What follows is a set of entries. Repeat them exactly, but not their pictures.

Spatial localization data:

====

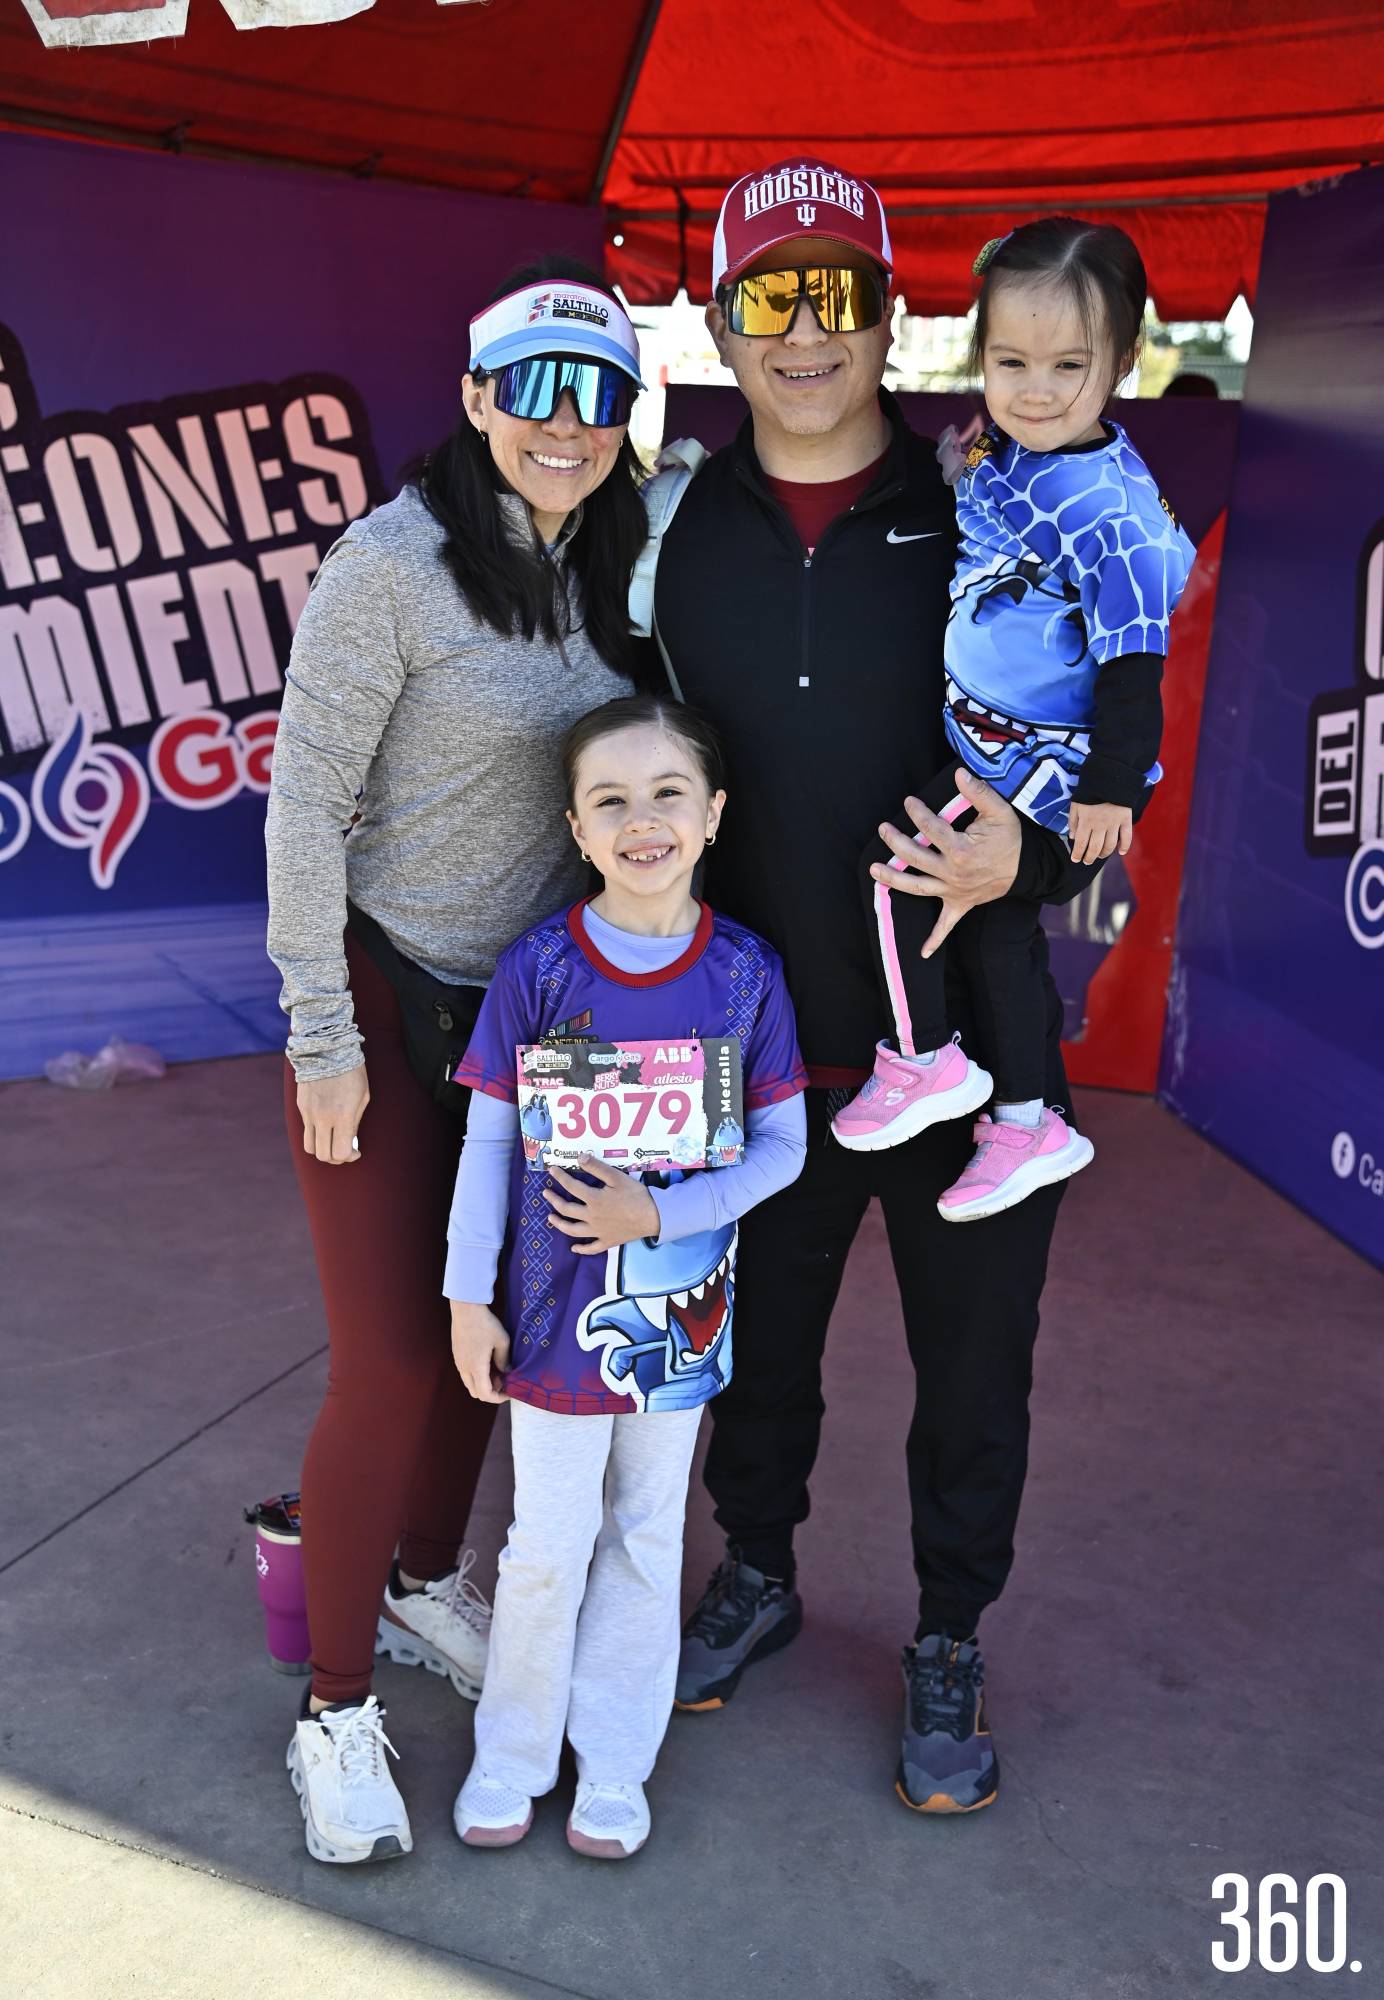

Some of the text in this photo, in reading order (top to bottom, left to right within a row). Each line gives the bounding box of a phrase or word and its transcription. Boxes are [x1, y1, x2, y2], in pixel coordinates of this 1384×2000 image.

[743, 171, 864, 218] HOOSIERS
[552, 298, 609, 318] SALTILLO
[1317, 719, 1357, 827] DEL
[536, 1053, 572, 1063] SALTILLO
[653, 1046, 693, 1065] ABB
[594, 1071, 620, 1083] BERRY
[718, 1045, 732, 1113] Medalla
[557, 1089, 692, 1139] 3079

====

◆ Written answer ◆
Some of the text in this photo, in reading order (top to bottom, left to right within a row). Each line gives the bounding box of a phrase or word and its transcription. Boxes are [x1, y1, x2, y2], in pixel coordinates of this 1384×2000 image.

[743, 171, 864, 218] HOOSIERS
[552, 298, 609, 318] SALTILLO
[1317, 719, 1357, 827] DEL
[536, 1053, 572, 1063] SALTILLO
[653, 1046, 693, 1065] ABB
[594, 1071, 620, 1083] BERRY
[718, 1045, 732, 1113] Medalla
[557, 1089, 692, 1139] 3079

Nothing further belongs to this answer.